The polar wind or plasma fountain is a permanent outflow of plasma from the polar regions of Earth's magnetosphere, caused by the interaction between the solar wind and the Earth's atmosphere. The solar wind ionizes gas molecules in the upper atmosphere to such high energy that some of them reach escape velocity and pour into space. A considerable percentage of these ions remain bound inside Earth's magnetic field, where they form part of the radiation belts.

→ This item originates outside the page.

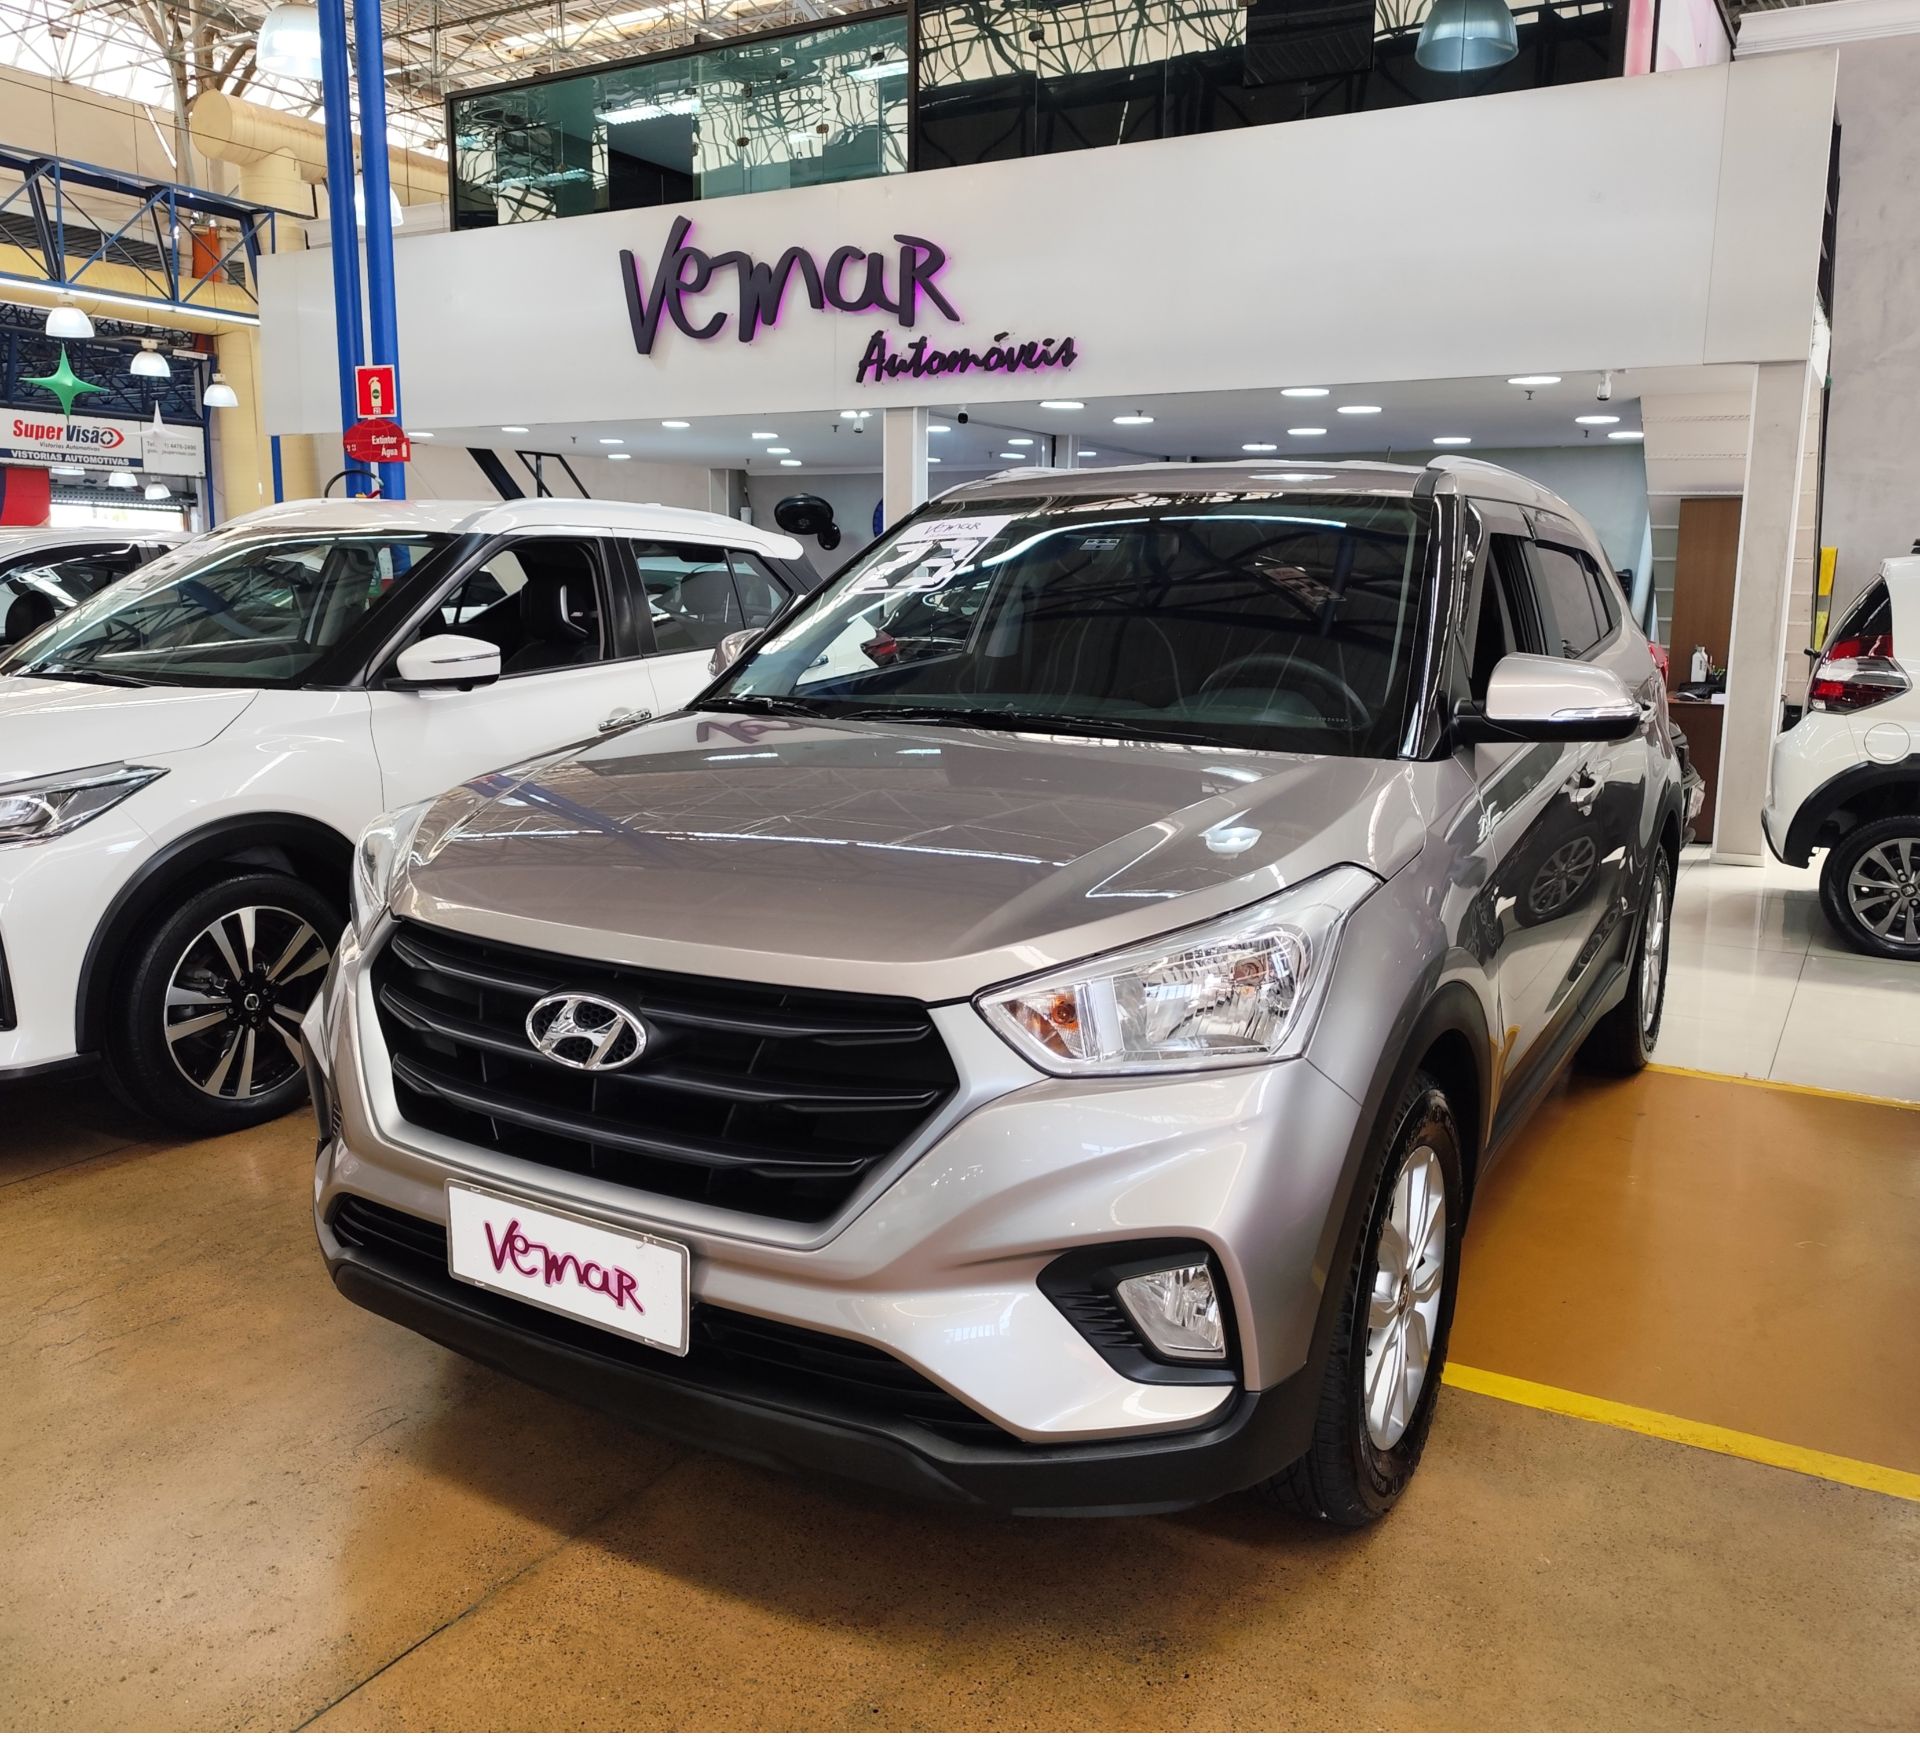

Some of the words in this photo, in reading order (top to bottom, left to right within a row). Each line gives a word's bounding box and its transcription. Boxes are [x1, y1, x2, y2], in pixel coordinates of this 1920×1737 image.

The term was coined in 1968 in a pair of articles by Banks and Holzer and by Ian Axford. Since the process by which the ionospheric plasma flows away from the Earth along magnetic field lines is similar to the flow of solar plasma away from the sun's corona (the solar wind), Axford suggested the term "polar wind." The idea for the polar wind originated with the desire to solve the paradox of the terrestrial helium budget. This paradox consists of the fact that helium in the Earth's atmosphere seems to be produced (via radioactive decay of uranium and thorium) faster than it is lost by escaping from the upper atmosphere. The realization that some helium could be ionized, and therefore escape the earth along open magnetic field lines near the magnetic poles (the 'polar wind'), is one possible solution to the paradox.

Further research came from the Retarding Ion Mass Spectrometer instrument on the Dynamics Explorer spacecraft, in the 1980s. Recently, the SCIFER sounding rocket was launched into the plasma heating region of the fountain.